(Stored data entries)
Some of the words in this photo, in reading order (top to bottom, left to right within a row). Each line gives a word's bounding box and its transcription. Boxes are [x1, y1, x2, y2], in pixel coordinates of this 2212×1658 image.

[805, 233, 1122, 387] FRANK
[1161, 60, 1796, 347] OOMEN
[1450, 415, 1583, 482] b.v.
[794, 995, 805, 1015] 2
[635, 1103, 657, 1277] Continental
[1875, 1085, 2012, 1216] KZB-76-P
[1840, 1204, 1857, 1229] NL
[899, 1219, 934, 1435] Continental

◆ PROMPT
Return each line of the data exactly as written above.

◆ EXERCISE RESULT
Some of the words in this photo, in reading order (top to bottom, left to right within a row). Each line gives a word's bounding box and its transcription. Boxes are [x1, y1, x2, y2], in pixel coordinates of this 2212×1658 image.

[805, 233, 1122, 387] FRANK
[1161, 60, 1796, 347] OOMEN
[1450, 415, 1583, 482] b.v.
[794, 995, 805, 1015] 2
[635, 1103, 657, 1277] Continental
[1875, 1085, 2012, 1216] KZB-76-P
[1840, 1204, 1857, 1229] NL
[899, 1219, 934, 1435] Continental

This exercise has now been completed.